2. These shares were withheld by Spartan Stores, Inc. to satisfy tax withholding obligations incident upon the vesting of shares of restricted stock, the grant of which was previously reported.
3. Reports the grant of options to purchase shares of stock under the Plan. The options will vest at the rate of 25% each year beginning on May 1, 2010, and will be fully vested on May 1, 2013. Prior to vesting, the options will remain subject to restrictions in accordance with the Plan and the terms of the grant.

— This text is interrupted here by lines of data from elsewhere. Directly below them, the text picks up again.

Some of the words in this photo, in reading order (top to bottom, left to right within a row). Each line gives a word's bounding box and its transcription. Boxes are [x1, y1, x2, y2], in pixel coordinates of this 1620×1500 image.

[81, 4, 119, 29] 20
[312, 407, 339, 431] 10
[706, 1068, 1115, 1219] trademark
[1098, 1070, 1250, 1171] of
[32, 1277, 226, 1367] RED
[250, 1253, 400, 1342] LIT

4. Represents the award of Restricted Stock Units ("RSUs") under the Plan. Each RSU represents the contingent right to receive one share of Spartan Stores, Inc. common stock. The conversion of these RSUs into common stock is contingent upon the Company's achievement of specified levels of the performance measure for the fiscal year ending March 27, 2010.

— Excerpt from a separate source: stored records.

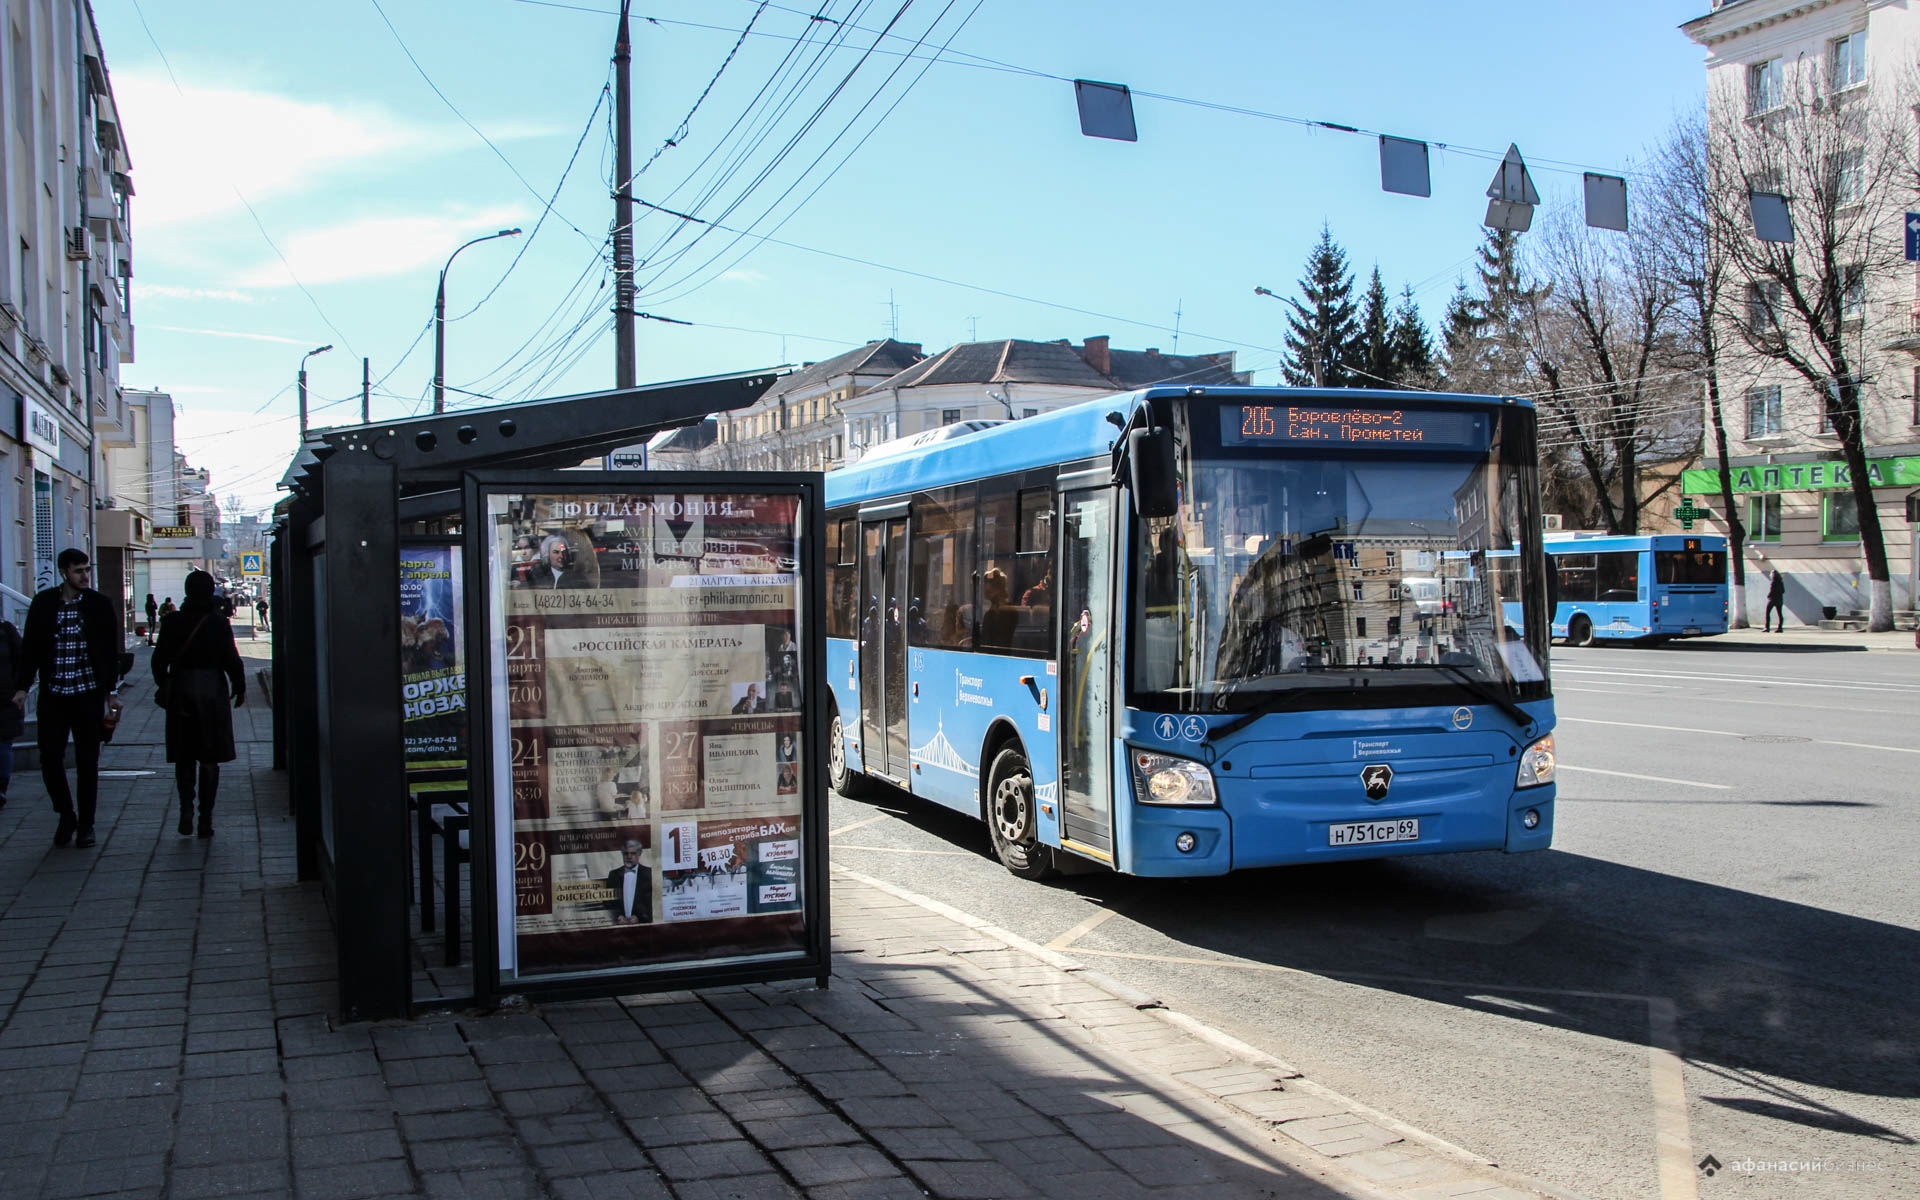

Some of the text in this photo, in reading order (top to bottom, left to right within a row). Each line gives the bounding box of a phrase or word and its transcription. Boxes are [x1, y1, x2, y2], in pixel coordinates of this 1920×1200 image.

[1241, 406, 1403, 436] 205 Боровлёво-2
[1288, 423, 1424, 442] Сан. Прометей
[1738, 463, 1884, 489] АПТЕКА
[564, 501, 734, 517] ФИЛАРМОНИЯ
[407, 570, 450, 580] апреля
[701, 576, 735, 586] МАРТА
[534, 594, 566, 609] (4822)
[568, 594, 614, 608] 34-64-34
[506, 625, 539, 660] 21
[671, 637, 744, 650] КАМЕРАТА»
[403, 693, 466, 720] НОЗА
[511, 738, 543, 768] 24
[665, 731, 698, 761] 27
[700, 824, 759, 840] композиторы
[1335, 820, 1414, 843] Н751СР 69
[668, 827, 682, 865] 1
[682, 826, 695, 863] апреля
[706, 848, 732, 863] 18.30
[514, 842, 546, 872] 29

5. Represents the target grant number. The actual number of shares that will be paid in respect of the RSU award may range from 0% to 200% of the target grant number depending upon the Company's achievement of specified levels of the performance measure of the fiscal year ending March 27, 2010.

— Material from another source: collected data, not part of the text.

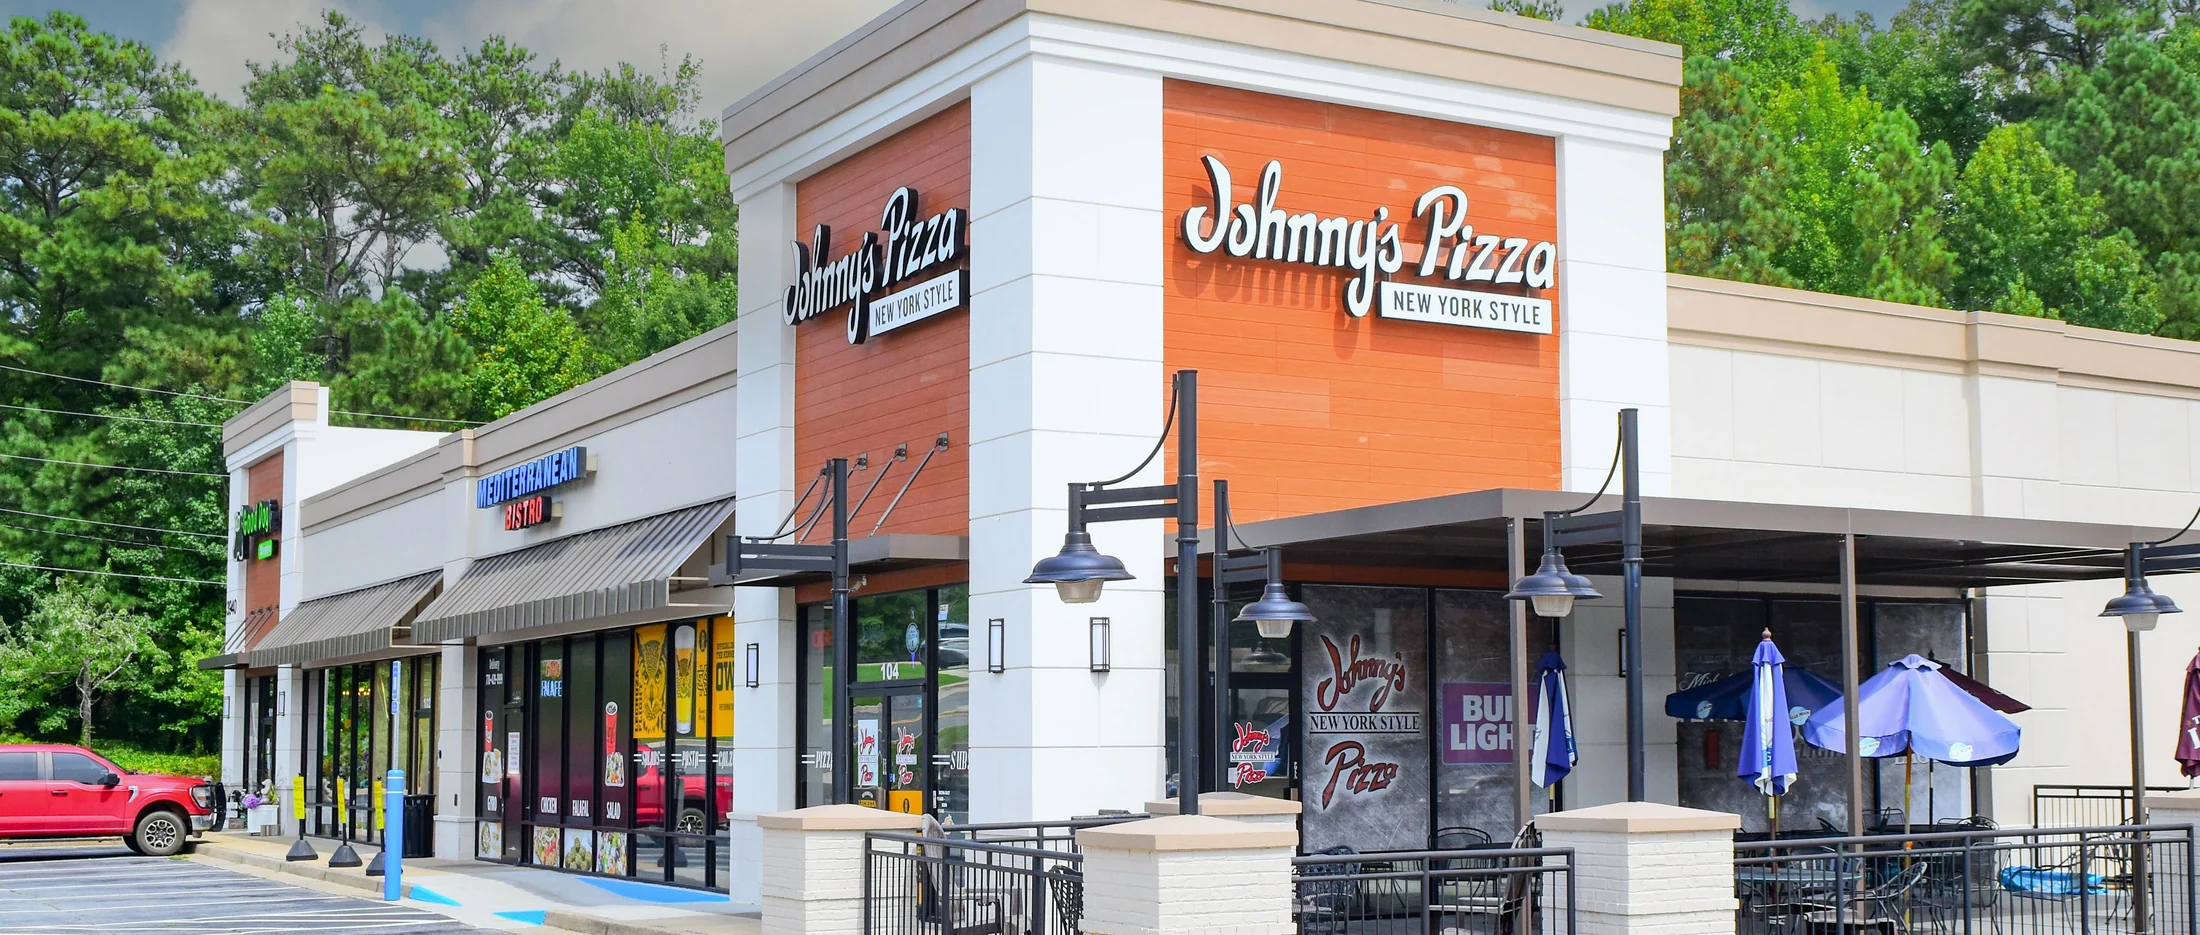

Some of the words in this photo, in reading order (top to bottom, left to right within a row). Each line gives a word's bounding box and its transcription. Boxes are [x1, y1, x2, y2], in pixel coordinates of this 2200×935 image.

[1184, 154, 1403, 318] Johnny's
[1413, 185, 1557, 289] Pizza
[782, 223, 876, 345] Johnny's
[881, 186, 957, 288] Pizza
[875, 303, 895, 328] NEW
[897, 294, 921, 318] YORK
[923, 280, 953, 310] STYLE
[1393, 290, 1432, 314] NEW
[1438, 295, 1483, 320] YORK
[1489, 302, 1541, 326] STYLE
[477, 446, 579, 509] MEDITERRANEAN
[505, 496, 543, 531] BISTRO
[880, 662, 899, 681] 104
[1318, 634, 1406, 712] Johnny's
[1310, 715, 1341, 730] NEW
[1342, 715, 1378, 730] YORK
[1380, 715, 1420, 730] STYLE
[1322, 740, 1399, 811] Pizza

/s/ Daniel C. Persinger, By Power of Attorney 05/19/2009
** Signature of Reporting Person Date
Reminder: Report on a separate line for each class of securities beneficially owned directly or indirectly.
* If the form is filed by more than one reporting person, see Instruction 4 (b)(v).
** Intentional misstatements or omissions of facts constitute Federal Criminal Violations See 18 U.S.C. 1001 and 15 U.S.C. 78ff(a).
Note: File three copies of this Form, one of which must be manually signed. If space is insufficient, see Instruction 6 for procedure.
Persons who respond to the collection of information contained in this form are not required to respond unless the form displays a currently valid OMB Number.